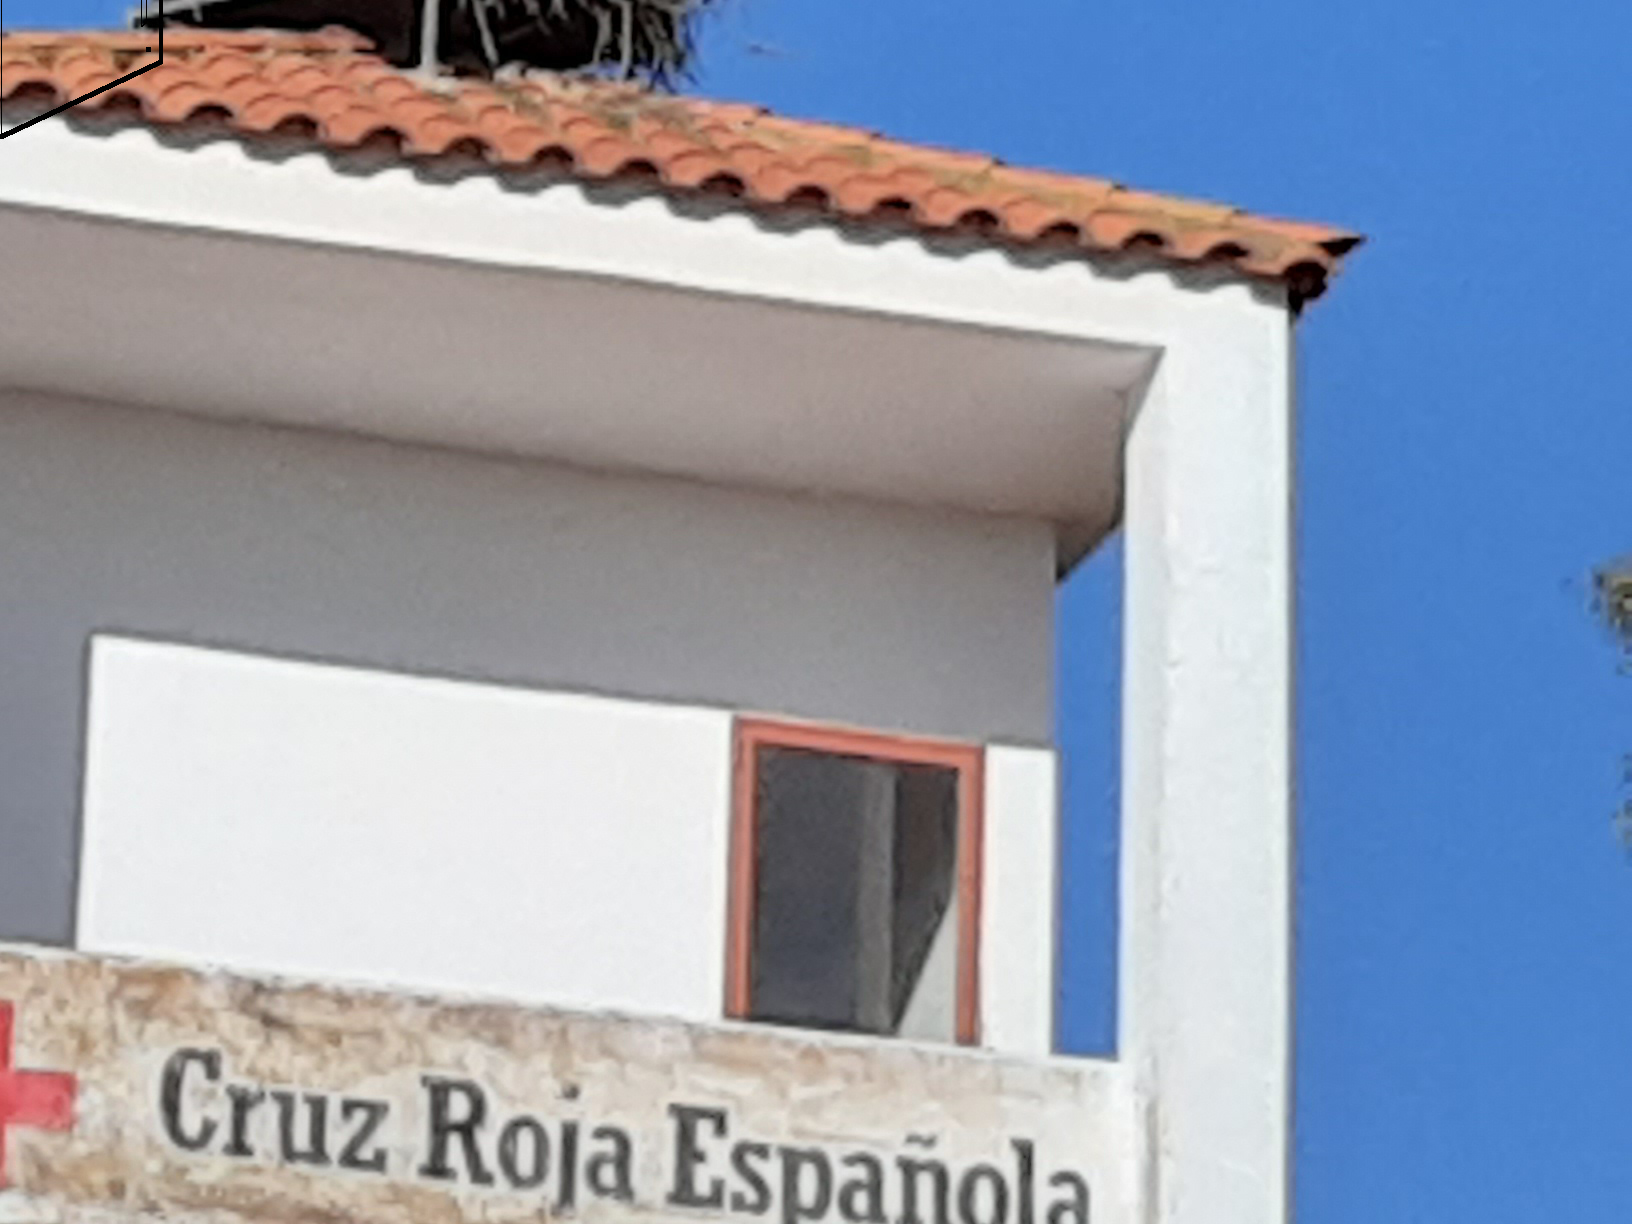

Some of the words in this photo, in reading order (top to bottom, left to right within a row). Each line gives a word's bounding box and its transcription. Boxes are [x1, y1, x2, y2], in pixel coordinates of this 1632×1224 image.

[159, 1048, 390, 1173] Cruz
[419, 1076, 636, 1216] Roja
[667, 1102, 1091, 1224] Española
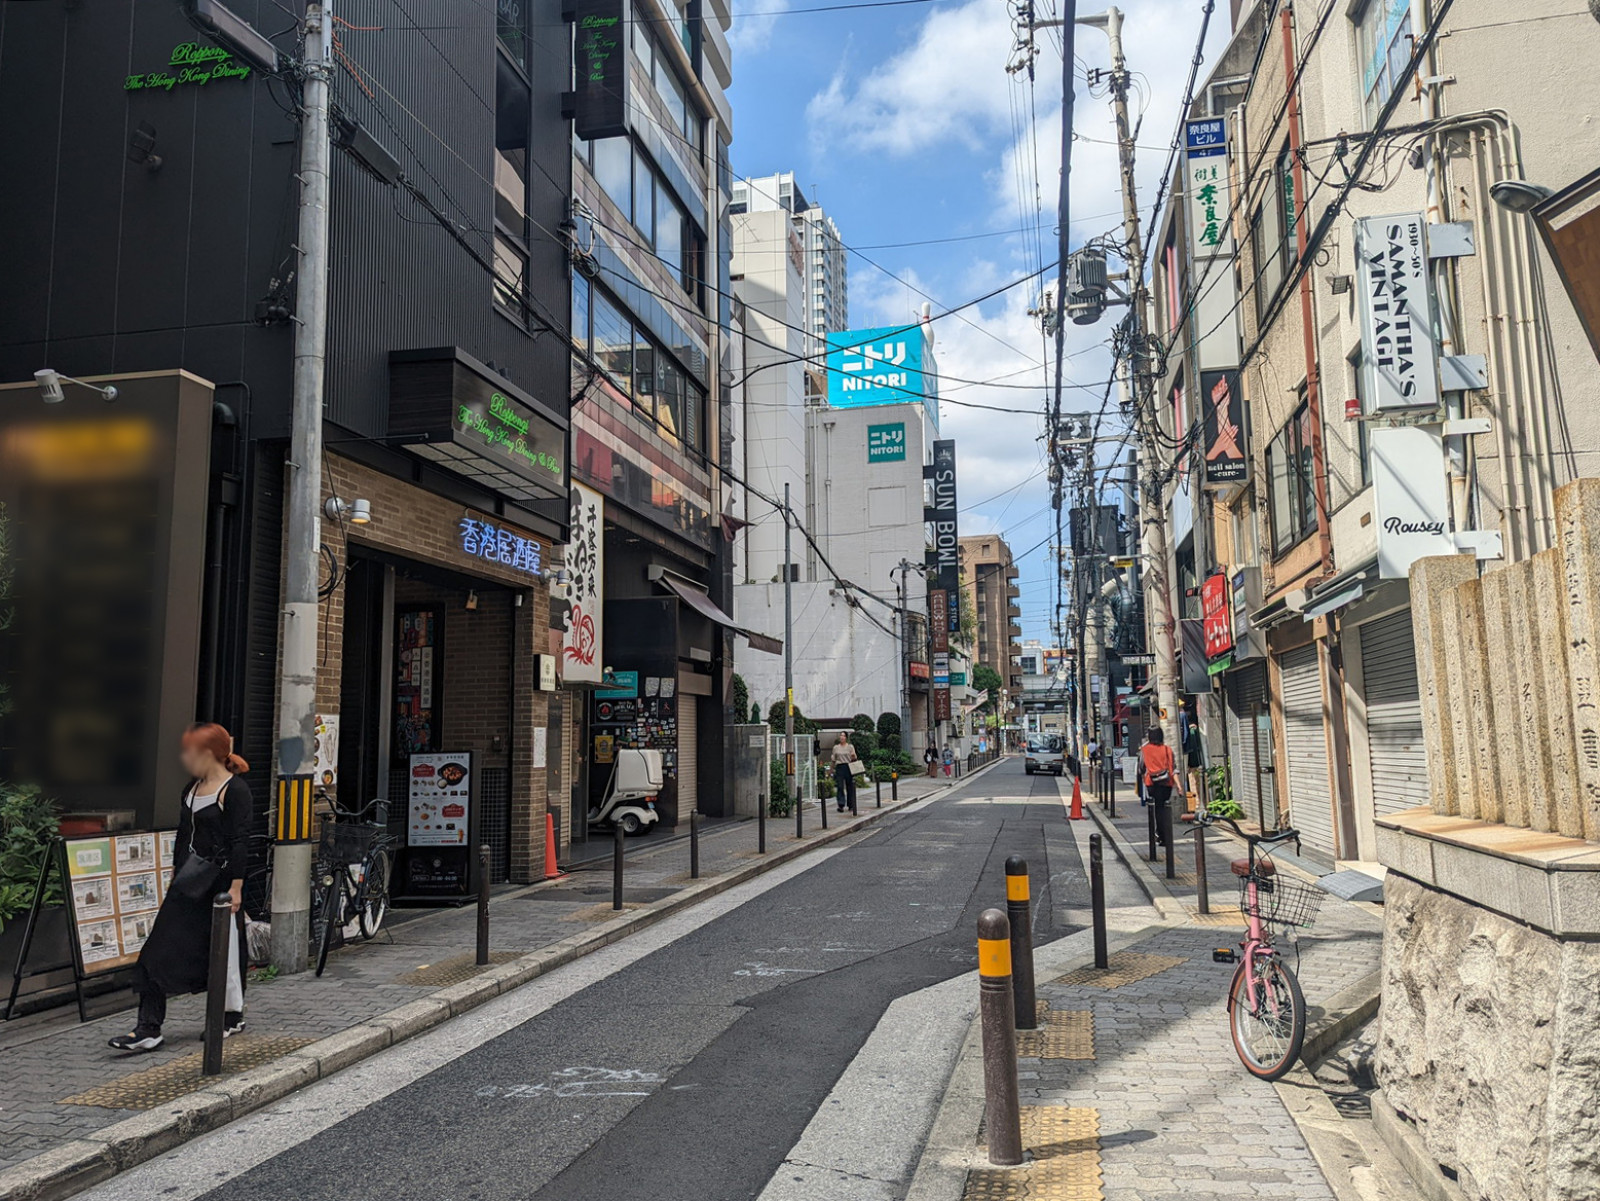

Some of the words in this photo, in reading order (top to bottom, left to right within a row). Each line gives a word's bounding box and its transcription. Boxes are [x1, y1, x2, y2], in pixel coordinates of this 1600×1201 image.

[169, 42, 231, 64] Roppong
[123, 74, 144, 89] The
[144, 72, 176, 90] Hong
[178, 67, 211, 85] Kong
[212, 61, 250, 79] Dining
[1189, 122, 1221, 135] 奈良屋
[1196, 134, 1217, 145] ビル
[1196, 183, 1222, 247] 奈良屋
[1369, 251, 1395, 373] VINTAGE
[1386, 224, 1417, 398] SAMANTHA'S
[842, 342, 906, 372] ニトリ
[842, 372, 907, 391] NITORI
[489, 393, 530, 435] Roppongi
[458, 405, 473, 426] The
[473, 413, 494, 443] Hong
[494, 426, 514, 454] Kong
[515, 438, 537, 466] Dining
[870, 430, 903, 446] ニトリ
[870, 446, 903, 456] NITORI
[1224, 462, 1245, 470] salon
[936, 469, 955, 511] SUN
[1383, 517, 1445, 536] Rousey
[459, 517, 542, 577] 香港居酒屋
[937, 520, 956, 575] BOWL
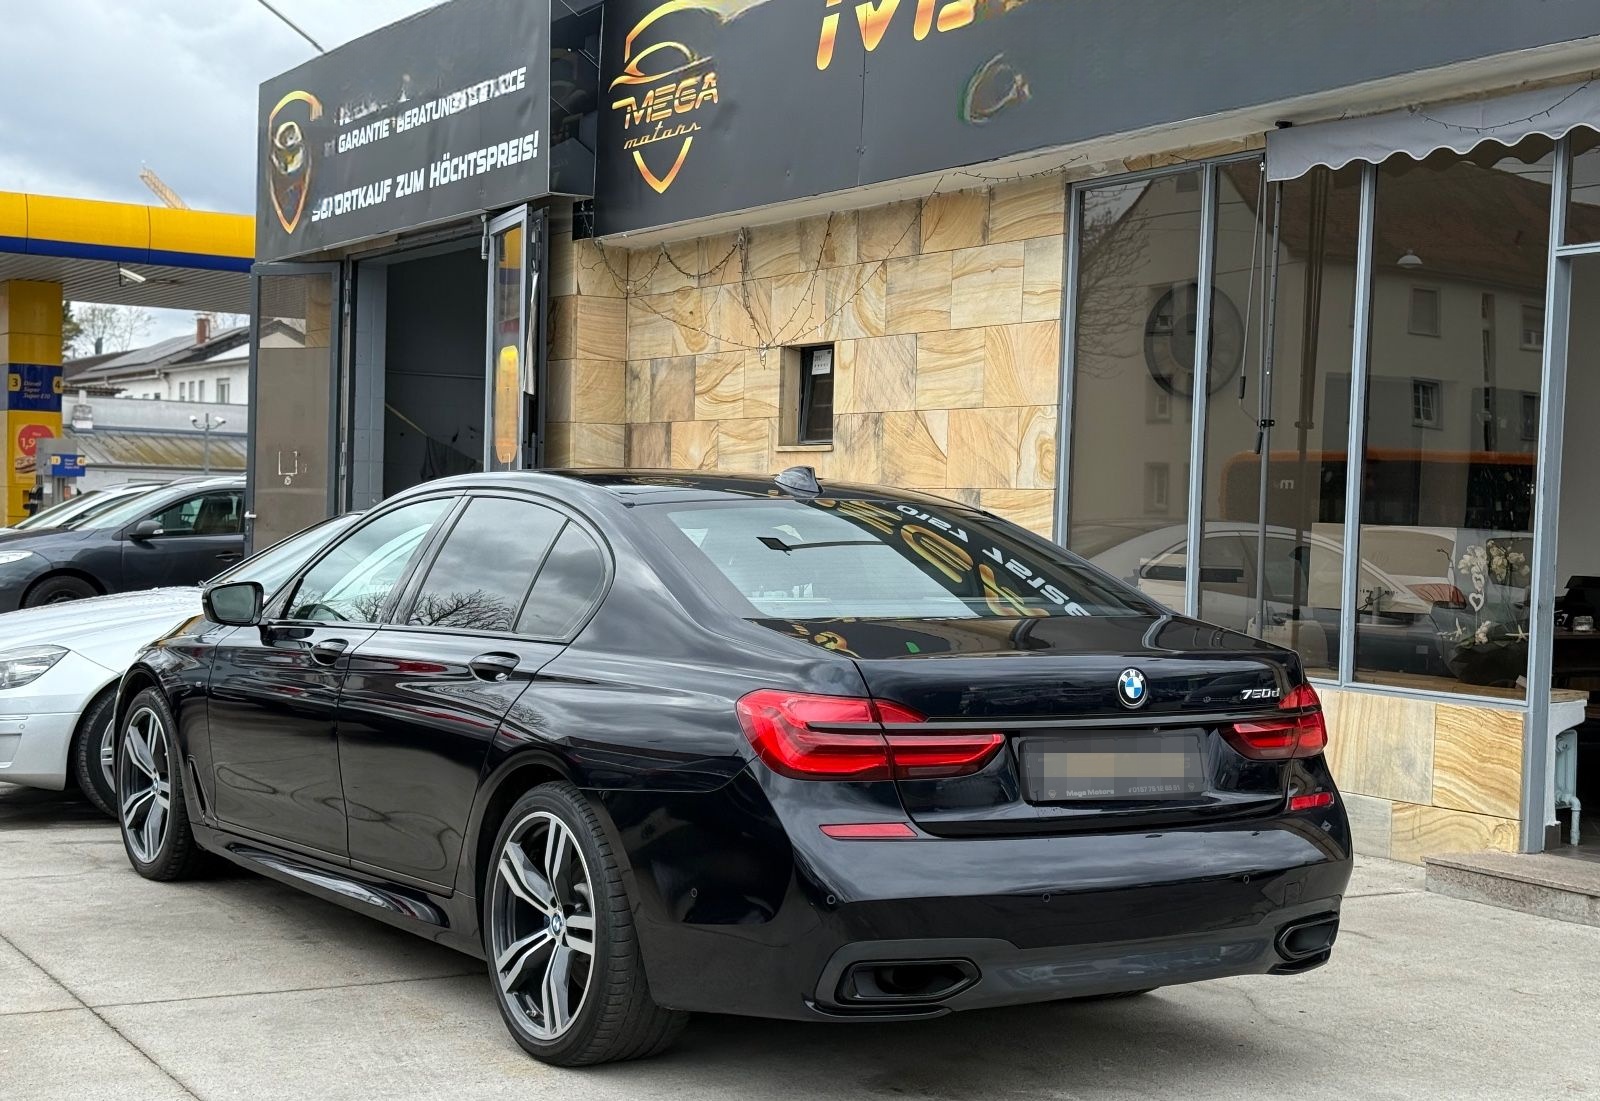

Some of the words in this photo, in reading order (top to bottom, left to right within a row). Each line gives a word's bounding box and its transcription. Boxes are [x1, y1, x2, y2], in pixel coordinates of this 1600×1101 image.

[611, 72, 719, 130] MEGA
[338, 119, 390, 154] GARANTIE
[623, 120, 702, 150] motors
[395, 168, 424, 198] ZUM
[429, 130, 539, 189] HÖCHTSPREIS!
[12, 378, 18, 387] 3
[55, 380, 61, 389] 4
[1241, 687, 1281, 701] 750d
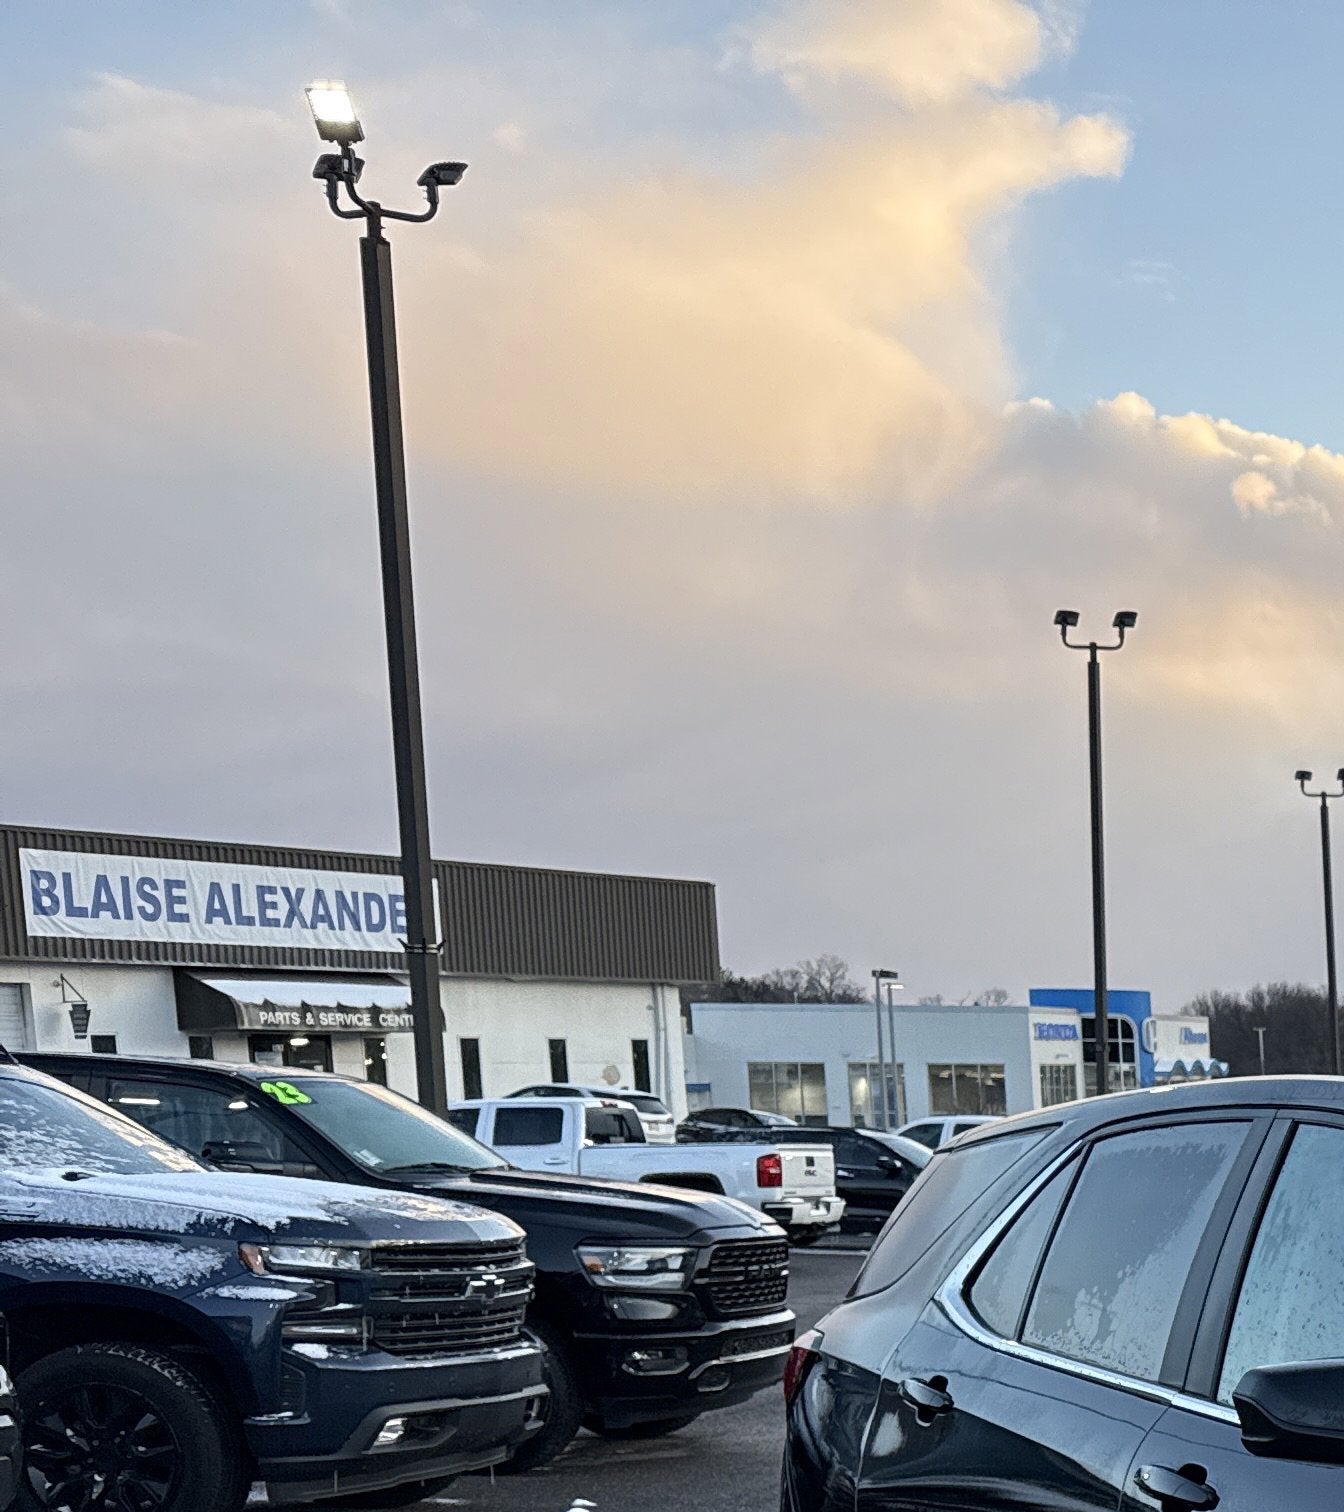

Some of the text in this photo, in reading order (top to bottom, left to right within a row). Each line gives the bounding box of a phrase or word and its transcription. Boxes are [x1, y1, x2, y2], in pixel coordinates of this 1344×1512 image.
• • •
## EXERCISE BRIEF
Inclusive range, exact copy: the line containing "this 1600×1101 image." through the last line of the listing. Print nothing else, and no pictures.

## TASK SOLUTION
Some of the words in this photo, in reading order (top to bottom, left to right within a row). Each line gives a word's bounding box and its transcription. Boxes are [x1, y1, x2, y2], in pixel coordinates of this 1600×1101 image.

[611, 72, 719, 130] MEGA
[338, 119, 390, 154] GARANTIE
[623, 120, 702, 150] motors
[395, 168, 424, 198] ZUM
[429, 130, 539, 189] HÖCHTSPREIS!
[12, 378, 18, 387] 3
[55, 380, 61, 389] 4
[1241, 687, 1281, 701] 750d

Some of the text in this photo, in reading order (top to bottom, left to right within a row). Each line gives the bounding box of a phrase or word and its transcription. Boxes are [x1, y1, x2, y2], in pixel coordinates of this 1344×1512 image.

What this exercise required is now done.